Priya resolved to do something once her third child was born that would give her a sense of purpose in life. 

"I found a foundation course in counseling and four years later, I'm working on my Level 4 diploma in integrative counselling," she said. 

She describes herself as a proponent of self-love and self-care, and she firmly thinks that "you can't pour from an empty cup."

"My family is my top concern in life, and if I struggle and burn out, I won't be able to offer them the love and attention that I so much want to shower them with," she added. 

Mental health has recently become a popular topic, perhaps as a result of the realisation that mental health encompasses not only mental well-being but also physical, emotional, and social well-being — in other words, your whole well-being. 

For Priya, everyone has been forced to slow down the pace of their lives, to reflect and take that long overdue reality check. She believes that the pandemic has resulted in the loss of more than just loved ones.

"People were compelled to reconsider their lives prior to the pandemic," Priya added.

"I believe it dawned on individuals at some point that it was essentially a burnout from the rush and bustle of life."

For a lot of people, the pandemic offered a new perspective on how to 'live' rather than just 'exist' with the gift of life.
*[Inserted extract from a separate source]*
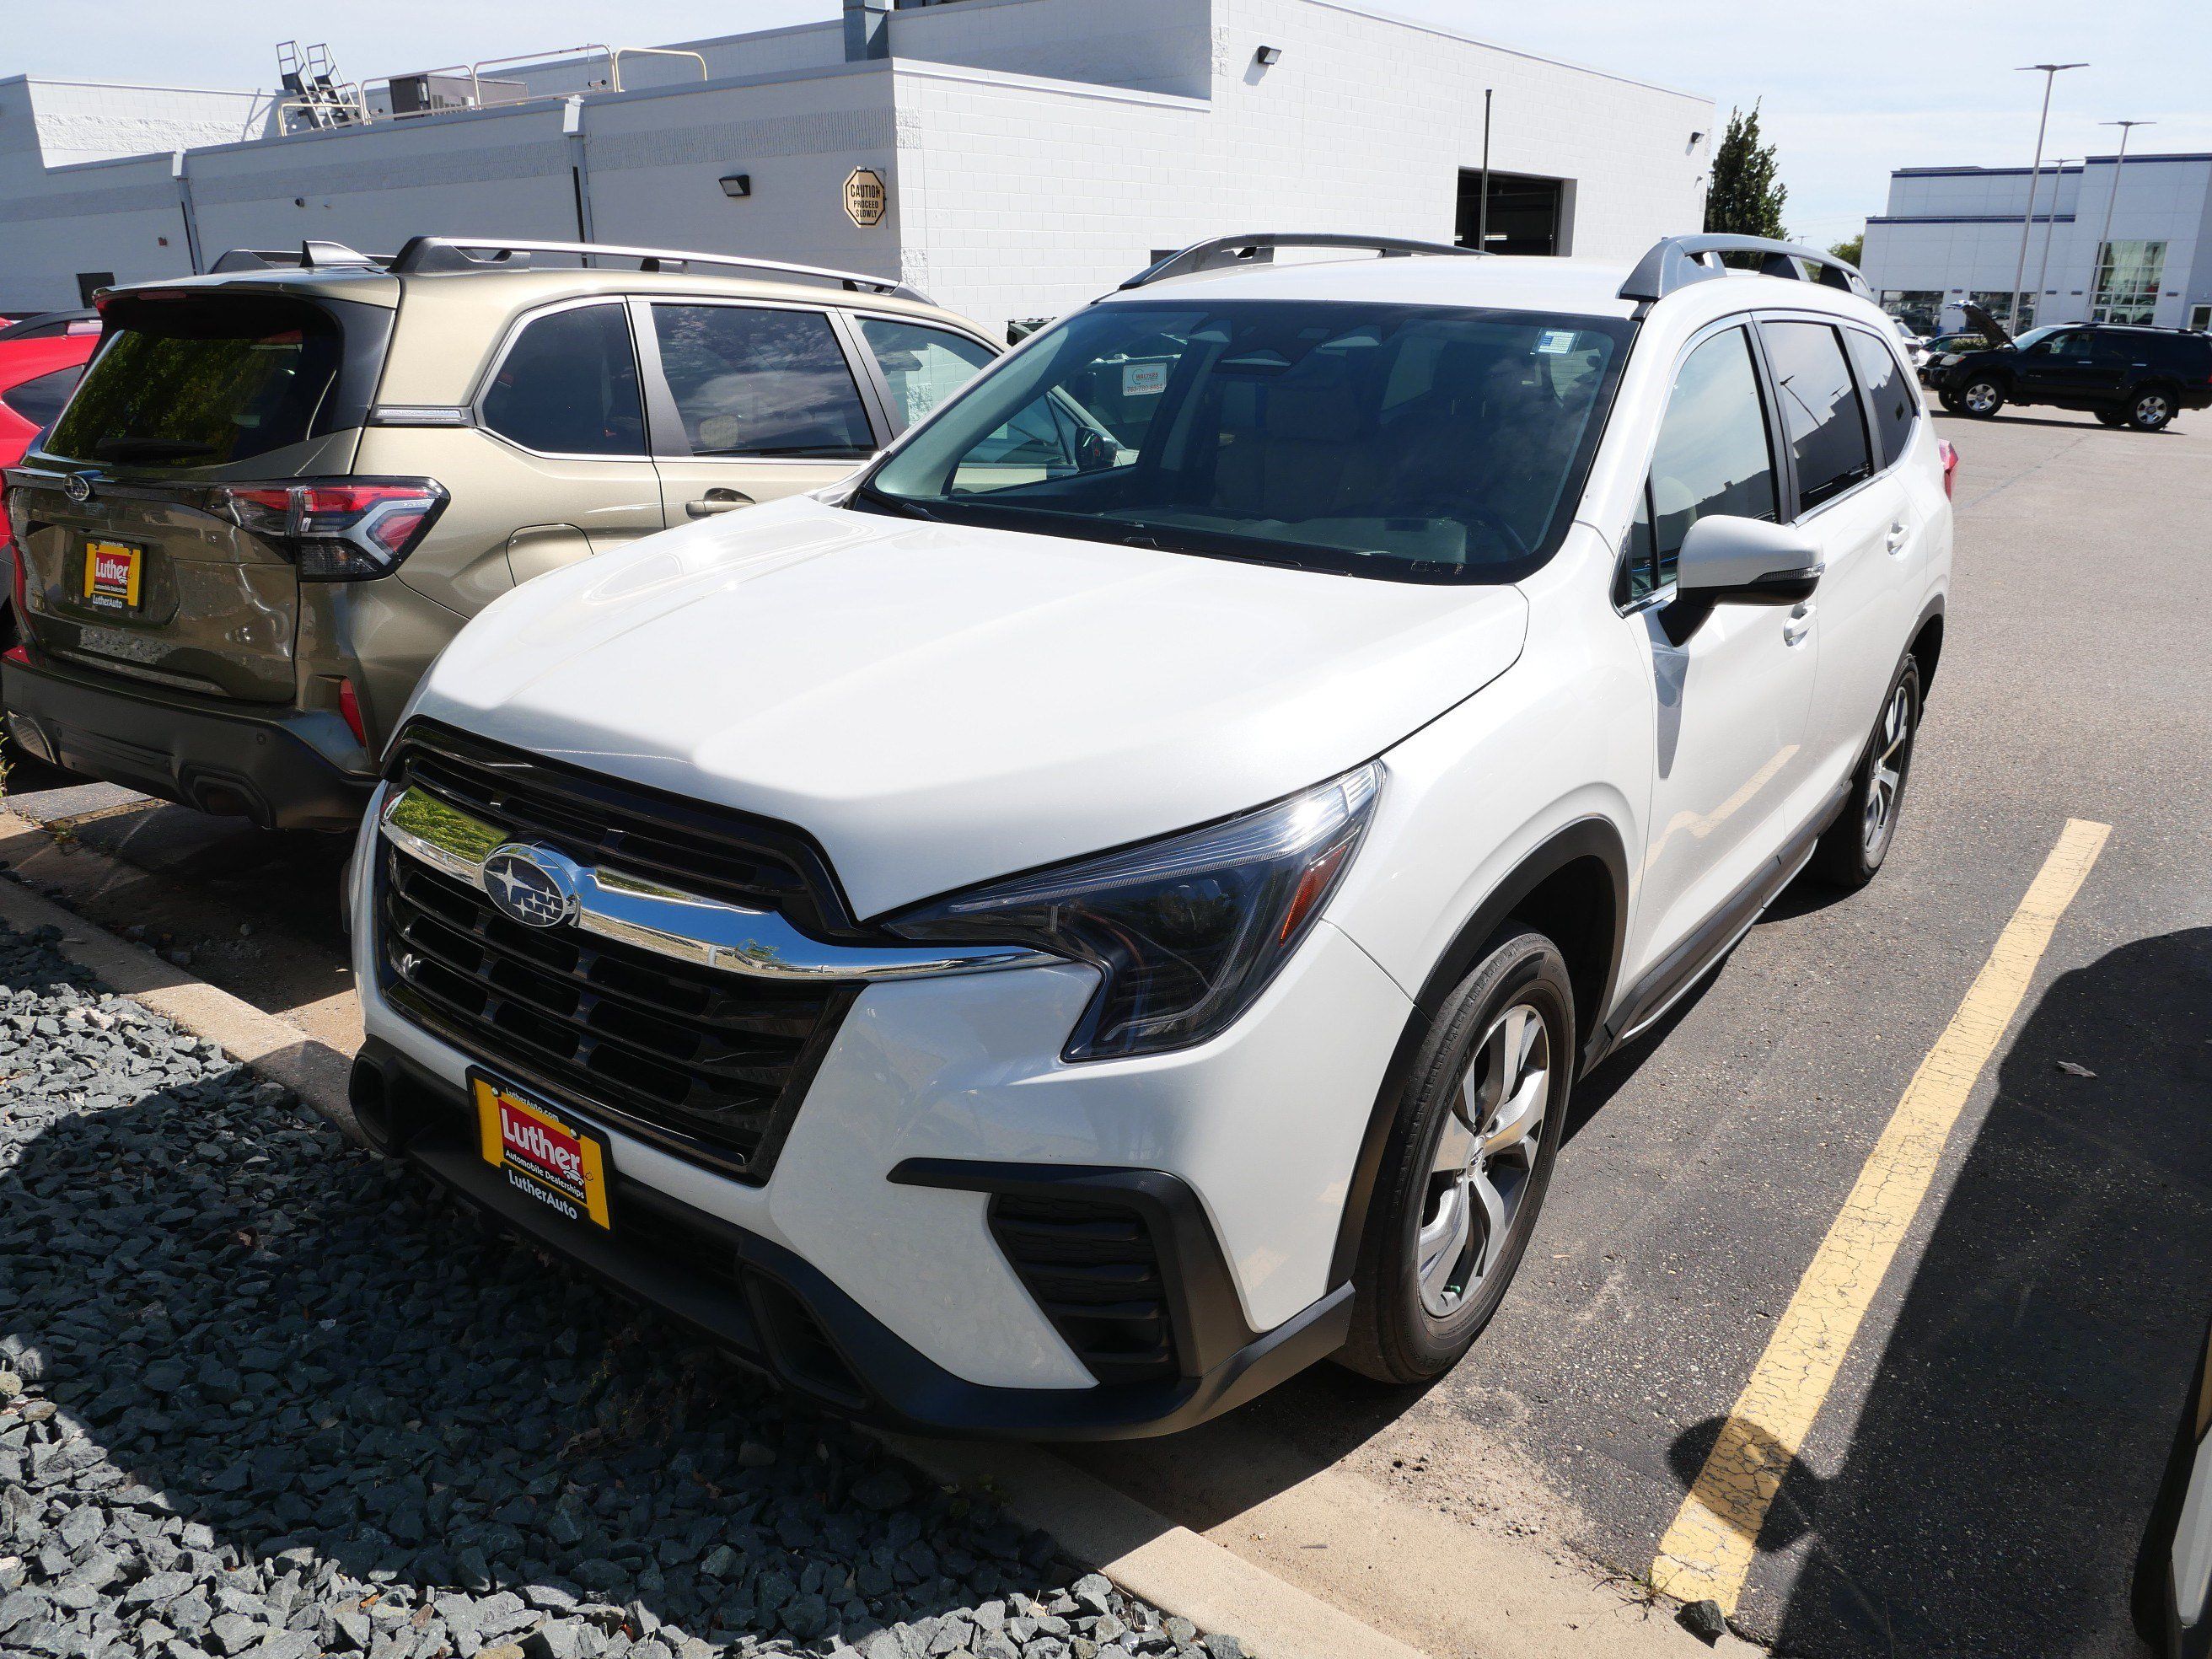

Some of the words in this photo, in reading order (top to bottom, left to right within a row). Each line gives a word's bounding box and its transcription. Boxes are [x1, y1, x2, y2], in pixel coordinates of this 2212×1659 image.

For Priya, the pandemic has given people a new lease on life by allowing them to make conscious decisions. Choices that bring worth to this new life and it's critical to nourish and replenish one's own cup of self-care for this reason.

Priya has created her own personalised, go-to self care tool pack to help her walk the talk whenever she gets overwhelmed. 

"I understand that one size does not fit everyone. When you're frustrated or burned out, you can construct your own kit out of anything you actually enjoy doing," she added. 

From long walks to help control emotions and spending time with nature to driving and listening to music and podcasts, she had a lot of tools in her kit to help people overcome stressful environment.  

"I find that talking to relatives and friends helps me to relax. Journaling is one of the most useful items in my survival kit: writing down my thoughts and feelings on a piece of paper has shown to be really beneficial. If you're concerned that someone might read them, put your thoughts on paper, shred it, or even burn it. Whatever is bothering you, get it out of your system, onto paper, and let it go. Crying is one of the most effective self-soothing methods for improving my mood. Crying does not indicate that you are overly sensitive or vulnerable. Crying helps restore emotional balance and soothes the psyche by releasing toxins and stress hormones," she recommends. 

Priya also suggests devoting one hour a day (or even just 20 minutes) to yourself, to sit with your feelings, and to reacquaint yourself with the new you.


Positivity's Potential Unleashed

Ahmed Mohammed Younis, a quality engineer in the United Arab Emirates, has developed his own method of dealing with stress. 

"Stress can wreak havoc on the mind in a variety of ways. When it comes to me, I try my hardest to confront and overcome this by pinpointing exactly what is stressing me out and determining why this is impacting me. This aids me in determining what I should do next to de-stress. Furthermore, I engage in activities that benefit me, such as spending time with my friends and discussing positive topics that can stimulate me, going to the gym and working out," Ahmed said.

According to him, stress cannot be totally avoided. So, there is a need for seeking out coping techniques and develop effective strategies for dealing with it in a healthy and productive manner.

"We need to be kinder to ourselves as well." Fortunately, there are now many professionals who can assist us in making great life changes using methods that are tailored to our needs. We are sometimes our own harshest critics. 

He sums up his life lessons by saying, "We have to learn to be gentler to ourselves and accept adversities in life as a learning process."


Conclusion

Stress is here to stay, and as we handle our careers and relationships — with all of their good, terrible, and ugly sides — we must understand that stress and demons do exist in our minds. But it's more necessary to talk about them and, on occasion, seek assistance in order to clear our brains and hearts of negativity.